The story continues up to the time when I started paying attention to local music beyond the mainstream, when Dave Graney became ascendant, and bands like You Am I and The Cruel Sea went from dozens of punters to thousands. I was too young to know most of the music covered in the book’s earlier chapters – though I made up for that in my university years – so it’s great to have the ins and outs of band and label developments laid out so plainly. There’s a lot more detail about some than others – you’ll probably learn more about Tex Perkins’ career than you thought you needed to know – but none of it is gratuitous, even if you’re not a fan of the band at hand.
While I was reading the book, two titans of the scene (and key figures in the text) – promoter Ken West and the Saints’ Chris Bailey – died. It felt apposite to be reading about their achievements as youths; a reminder that things don’t stretch on forever. Indeed, they were the latest of a long list of departures: while many of the book’s protagonists persevere (including the apparently guided-by-angels Nick Cave), a load more aren’t here to tell their tales.
It’s not just your favorites that are missing, plenty of mine are too! So you were a fan of, what? The Stems? The Moffs? The Wreckery? The Lime Spiders? The Passengers? Painters & Dockers? I Spit On Your Gravy? The Psychotic Turnbuckles? The Vaginabillies? Soggy Porridge? Well, I was a fan of Tactics, the Wet Taxis, Equal Local, the Primitive Calculators, the Sunday Painters, Essendon Airport, the Feral Dinosaurs, the Lucky Dinosaurs, the Craven Fops, Crown of Thorns, Asteroid B-612, Love Me—most of them are hardly covered here either.
Look, I’m a bit of a music nerd, so I was probably predestined to like this. But it’s more than just records and gigs: a little slice of Australia is preserved here in this record of misfits kicking against the pricks.
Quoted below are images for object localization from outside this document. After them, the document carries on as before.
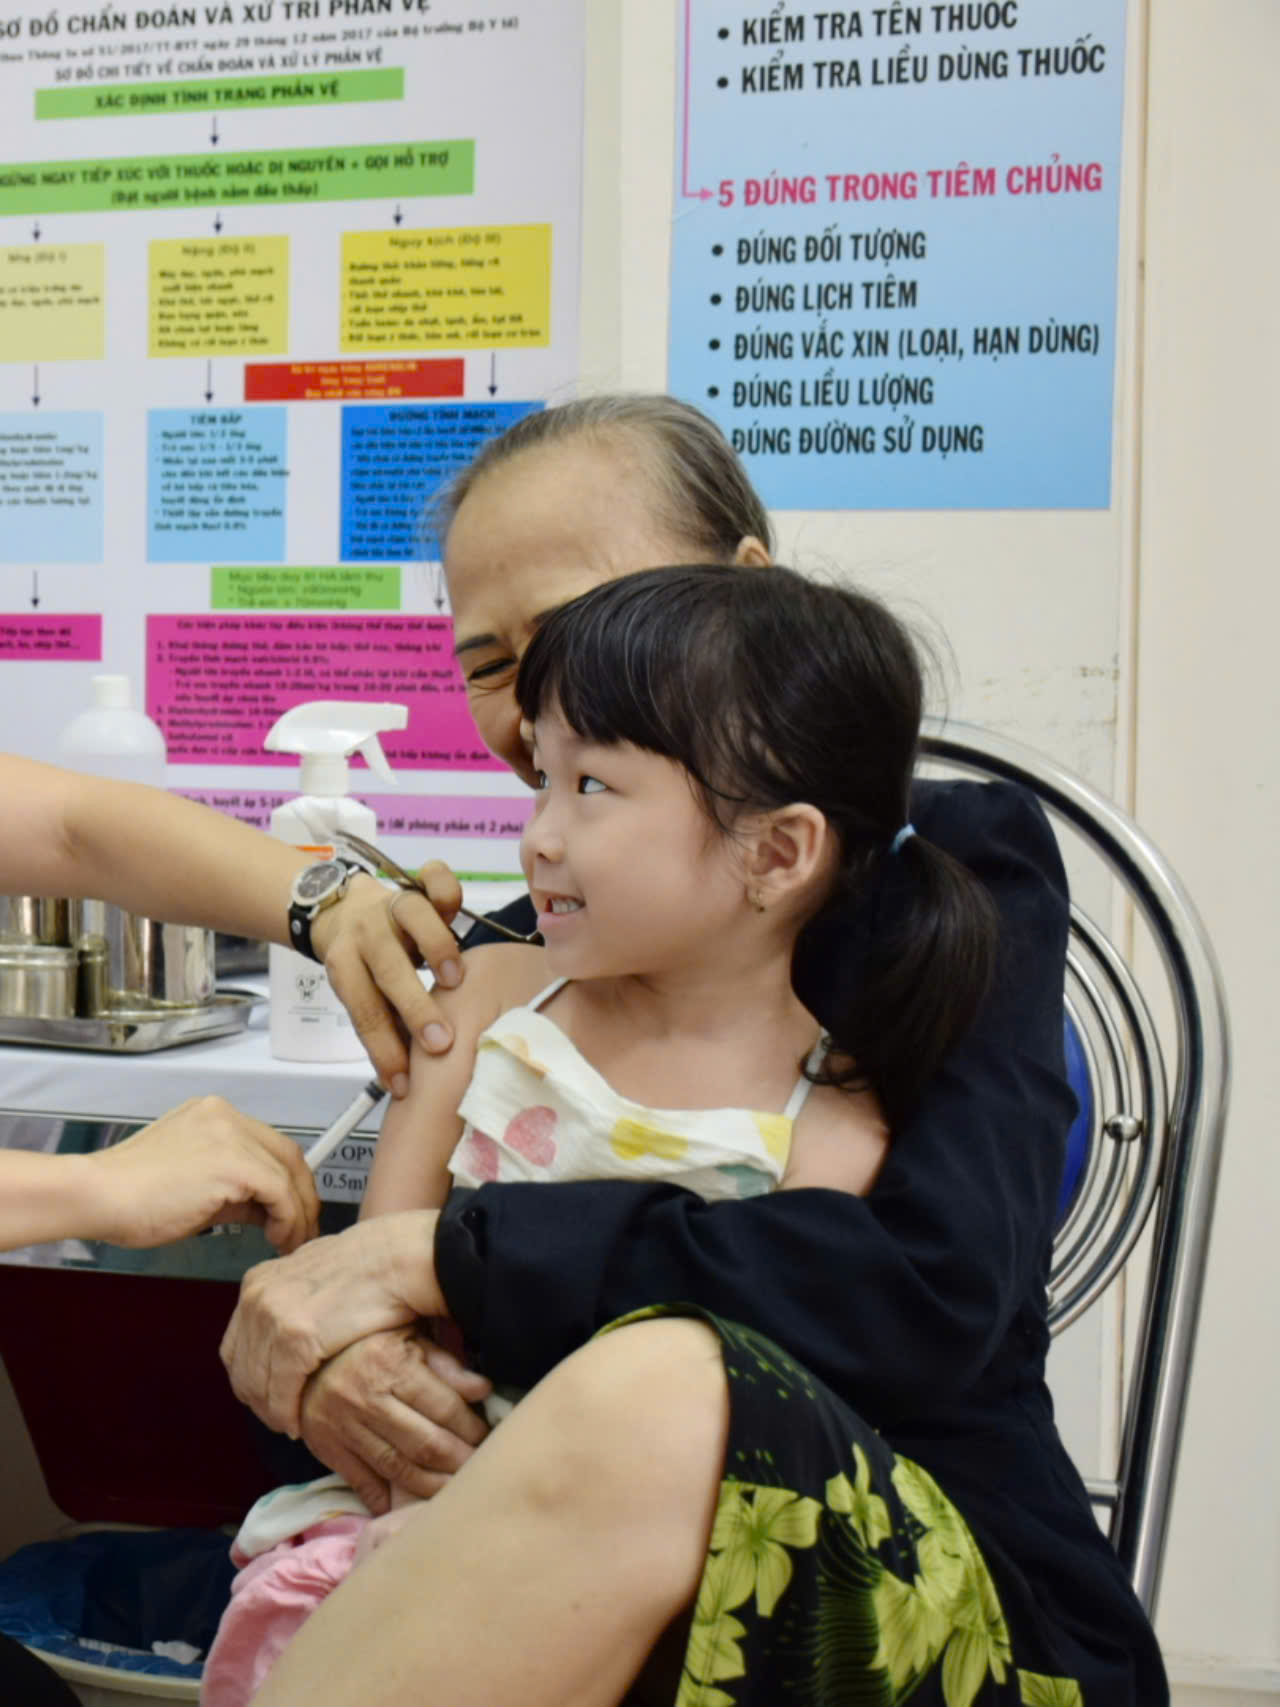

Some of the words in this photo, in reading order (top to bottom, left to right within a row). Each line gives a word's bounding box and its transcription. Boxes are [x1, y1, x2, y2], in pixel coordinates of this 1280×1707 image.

[29, 11, 60, 37] ĐỒ
[135, 3, 197, 29] ĐOÁN
[742, 1, 806, 46] KIỂM
[814, 11, 864, 40] TRA
[872, 1, 922, 36] TÊN
[741, 49, 805, 94] KIỂM
[814, 60, 862, 88] TRA
[871, 43, 928, 86] LIỀU
[937, 45, 1009, 82] DÙNG
[1017, 33, 1106, 77] THUỐC
[719, 179, 735, 208] 5
[744, 169, 817, 206] ĐÚNG
[825, 171, 918, 202] TRONG
[926, 161, 997, 197] TIÊM
[1006, 153, 1103, 195] CHỦNG
[736, 231, 797, 266] ĐÚNG
[804, 223, 842, 263] ĐỐI
[850, 228, 927, 267] TƯỢNG
[735, 278, 796, 313] ĐÚNG
[802, 283, 854, 317] LỊCH
[861, 274, 918, 309] TIÊM
[734, 325, 794, 361] ĐÚNG
[801, 318, 845, 359] VẮC
[851, 329, 890, 357] XIN
[898, 327, 965, 363] (LOẠI,
[972, 326, 1020, 362] HẠN
[1028, 318, 1100, 357] DÙNG)
[733, 373, 793, 409] ĐÚNG
[799, 366, 850, 407] LIỀU
[858, 373, 935, 414] LƯỢNG
[731, 421, 791, 455] ĐÚNG
[798, 419, 876, 454] ĐƯỜNG
[883, 414, 916, 453] SỬ
[922, 424, 984, 459] DỤNG
It’s not complete, but it’s bloody good.
Suspicion by Friedrich Dürrenmatt.
My rating: four stars
Another entry in the Pushkin Vertigo line of short, sharp shocks, this brief tome by noted Swiss leftie, playright and author of so-called “philosophical crime novels”, Friedrich Dürrenmatt, makes for an uncomfortable afternoon’s reading.
The novel is a sequel to the earlier The Judge and His Hangman, which I haven’t read, though this is not an impediment to understanding the story. It opens with its main character, a near-retirement inspector named Bärlach, suffering cancer and recovering from an operation. It’s not important how or why he got there, but it’s quickly explained by a work colleague that the ill detective will be superannuated: he’s already been replaced on the rounds.
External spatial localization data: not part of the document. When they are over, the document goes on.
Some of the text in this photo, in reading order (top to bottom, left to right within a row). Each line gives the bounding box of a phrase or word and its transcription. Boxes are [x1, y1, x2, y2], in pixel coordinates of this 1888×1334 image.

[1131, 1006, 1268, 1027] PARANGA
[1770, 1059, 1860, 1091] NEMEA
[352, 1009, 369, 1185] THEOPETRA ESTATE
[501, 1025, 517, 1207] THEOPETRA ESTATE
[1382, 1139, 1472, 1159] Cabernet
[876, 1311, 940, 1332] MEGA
World War II is still fresh in the minds of the novel’s characters. When his physician thinks he knows the true identity of a Nazi war criminal shown on a picture in Bärlach’s newspaper, the inspector decides to investigate in a strictly unofficial capacity. Could a surgeon, supposedly ensconced in Chile during the war, really have experimented on people without anaesthesia during the war?
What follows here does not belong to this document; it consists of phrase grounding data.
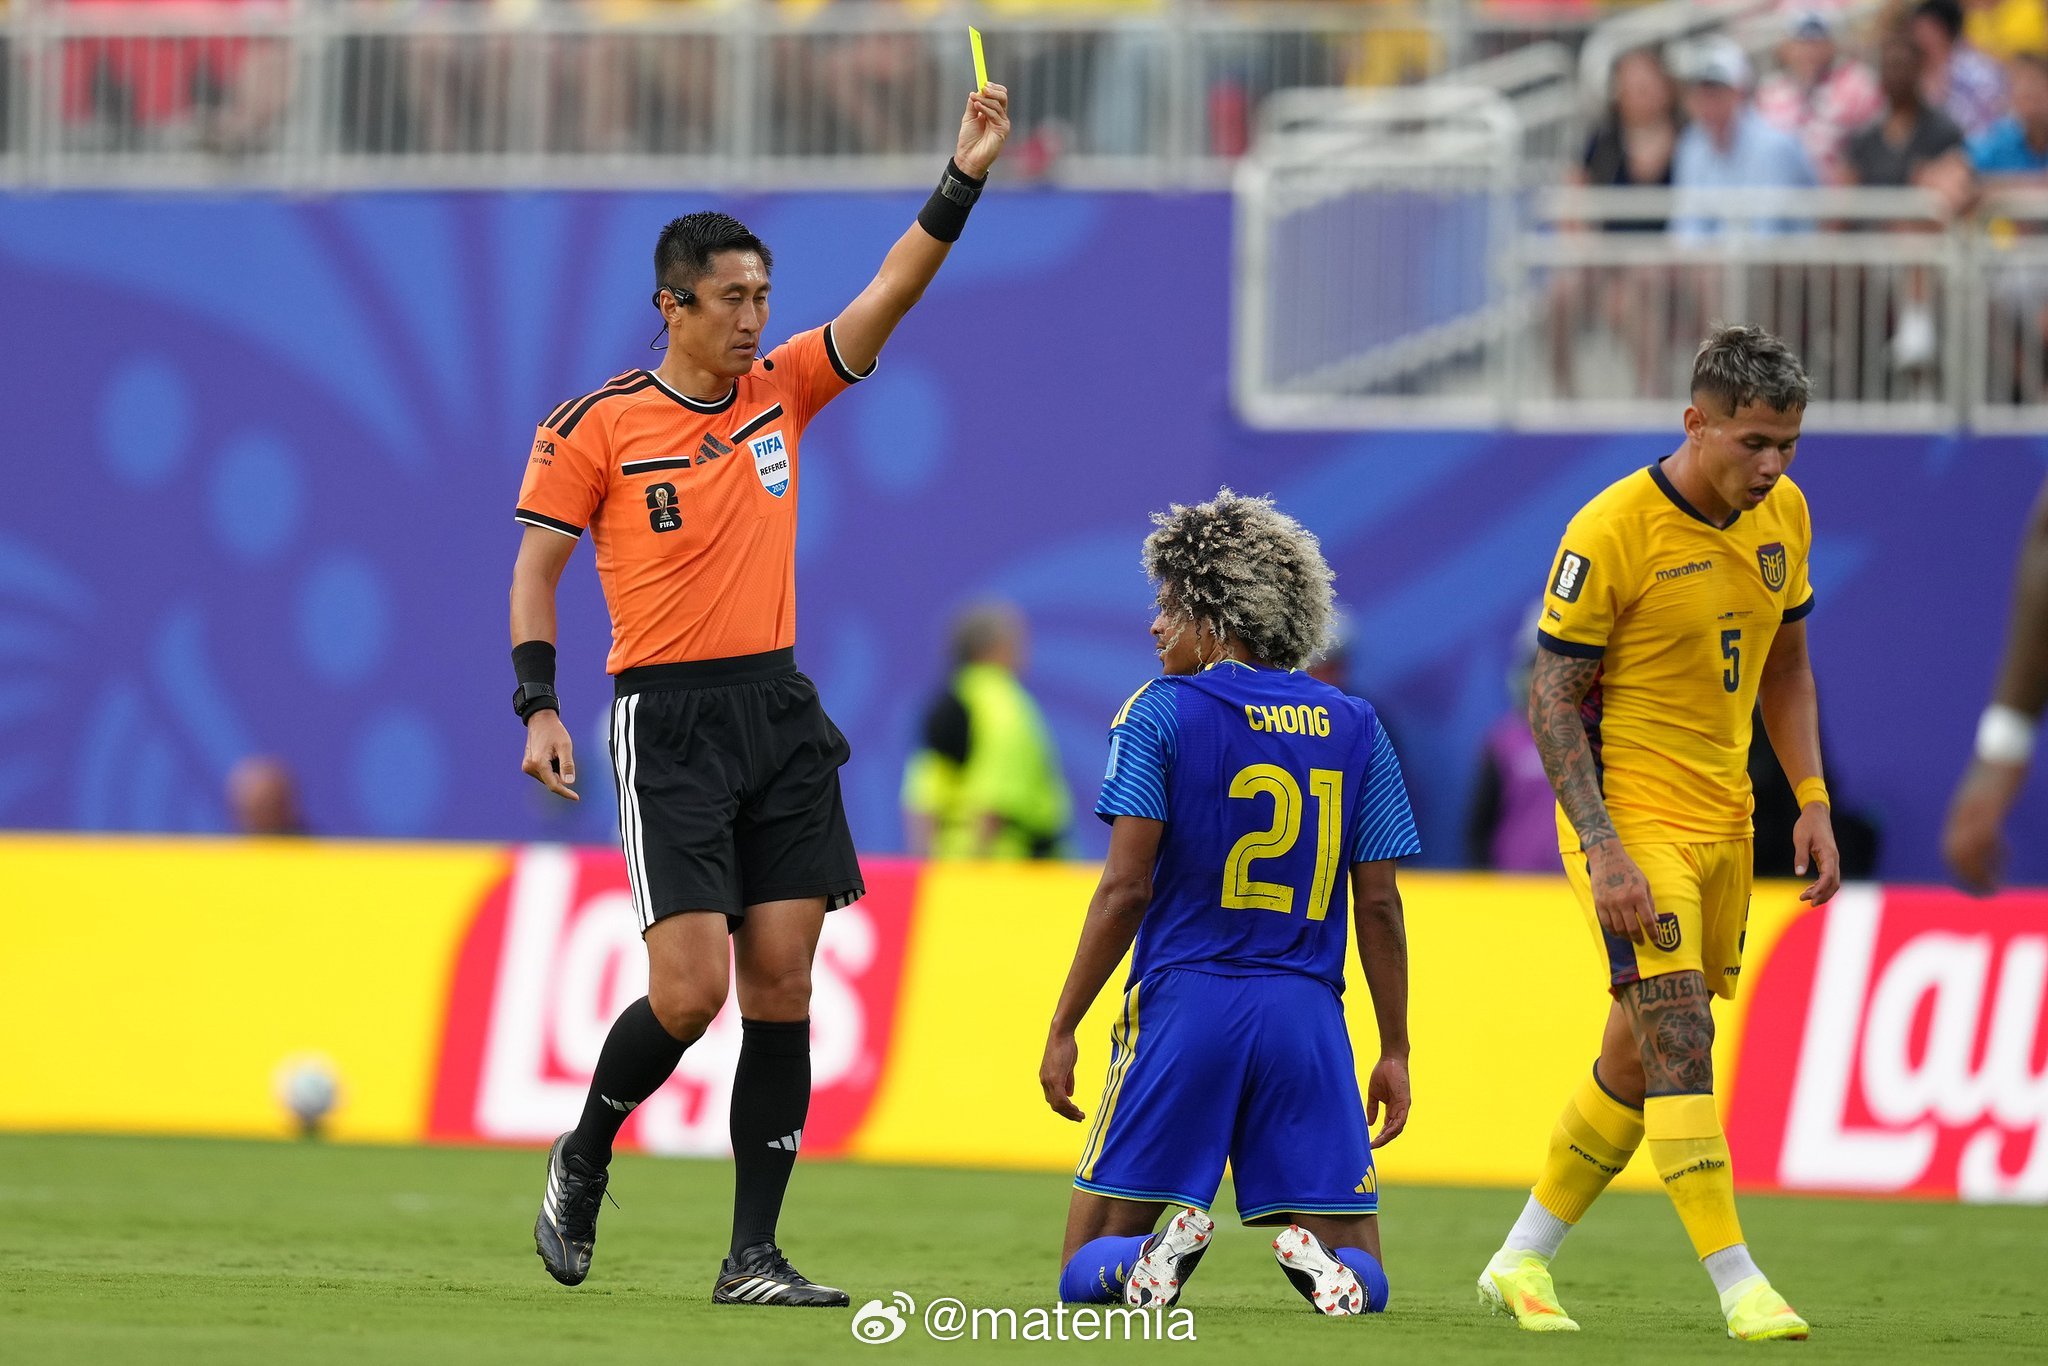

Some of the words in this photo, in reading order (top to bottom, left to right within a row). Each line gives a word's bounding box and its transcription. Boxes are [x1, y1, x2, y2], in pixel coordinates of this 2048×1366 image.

[753, 436, 783, 458] FIFA
[760, 459, 788, 476] REFEREE
[659, 520, 675, 529] FIFA
[1656, 560, 1712, 581] marathon
[1721, 629, 1742, 694] 5
[1244, 704, 1331, 738] CHONG
[1220, 763, 1344, 922] 21
[1664, 1158, 1725, 1185] marathon
What follows is not just a typical cat-and-mouse tale. Dürrenmatt weaves in the figure of Ahasuerus, the horrors of concentration camp experimentation, survivor’s guilt and the desperation with which humans cling to life. Rather than being a whodunnit, the novel is more of a whydunnit, which is more interesting than the mechanics of the deaths laid at the surgeon’s feet.
There’s a lot of weirdly discordant notes in the text. These moments of oddity aren’t unplanned, however: they give the reader moments to pause and consider what exactly the fuck is going on. And while it’s perhaps not as satisfying as an Agatha Christie gotcha story, but Suspicion lasts longer in the mind, a kernel of sand around which odd thoughts can grow. I’m still thinking about it, even now.